Project MATCH did demonstrate that 12 Step Facilitation Therapy was as effective as CBT, however, the one problem with 12 Step Facilitation Therapy is that it is not available anywhere. By definition 12 Step Facilitation Therapy has to be done one-on-one with a trained counselor and this is expensive. Instead, 12 step treatment centers run 12 step groups on the cheap–and this 12 step group therapy has been repeatedly shown to be no more effective than no treatment at all. You might as well flush your money down the toilet as pay for this sort of treatment.
The conclusion is that we need to get the 12 step religion out of the hospitals and treatment centers and courtrooms and employee assistance programs and back into the rooms where it belongs!
And if you tell your doctor that AA meetings make you want to drink and s/he STILL tries to send you to AA in spite of it–then you had better sue him/her for malpractice!
Brandsma JM, Maultsby MC, Welsh RJ. (1980).
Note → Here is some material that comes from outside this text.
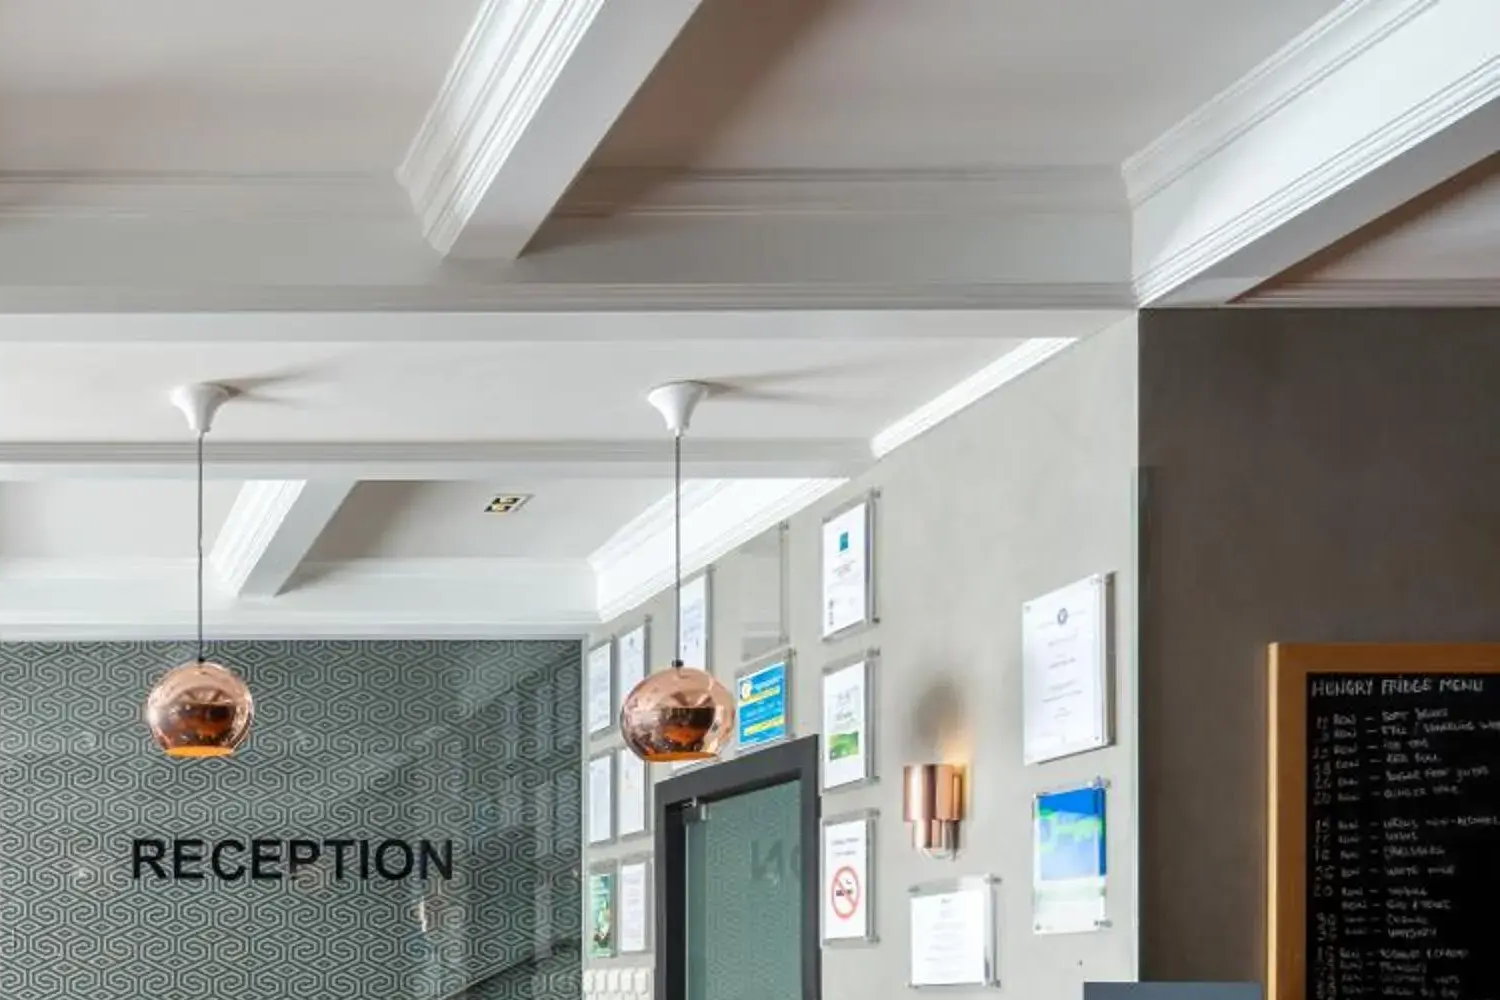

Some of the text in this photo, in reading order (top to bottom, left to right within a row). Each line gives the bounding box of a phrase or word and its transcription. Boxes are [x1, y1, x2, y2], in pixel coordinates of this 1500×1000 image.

[1311, 679, 1373, 697] HUNGRY
[1439, 678, 1484, 693] MENU
[133, 839, 452, 880] RECEPTION
Outpatient treatment of alcoholism: A review and comparative study. Baltimore: University Park Press.
Karno MP, Longabaugh R. (2005). An examination of how therapist directiveness interacts with patient anger and reactance to predict alcohol use. J Stud Alcohol. 66(6), 825-32.
PubMed Abstract: http://www.ncbi.nlm.nih.gov/pubmed/16459944
Poldrugo F, Forti B. (1988). Personality disorders and alcoholism treatment outcome. Drug Alcohol Depend. 21(3), 171-6.
PubMed Info: http://www.ncbi.nlm.nih.gov/pubmed/3168759
Vaillant GE. (1995).The natural history of alcoholism revisited Cambridge, Mass. Harvard University Press.
Wilson E. (1994). A Clinician’s Guide to Cognitive Developmental Assessment and Intervention with Alcohol and Other Drug Abuse Clients. Dissertation, Greenwich University.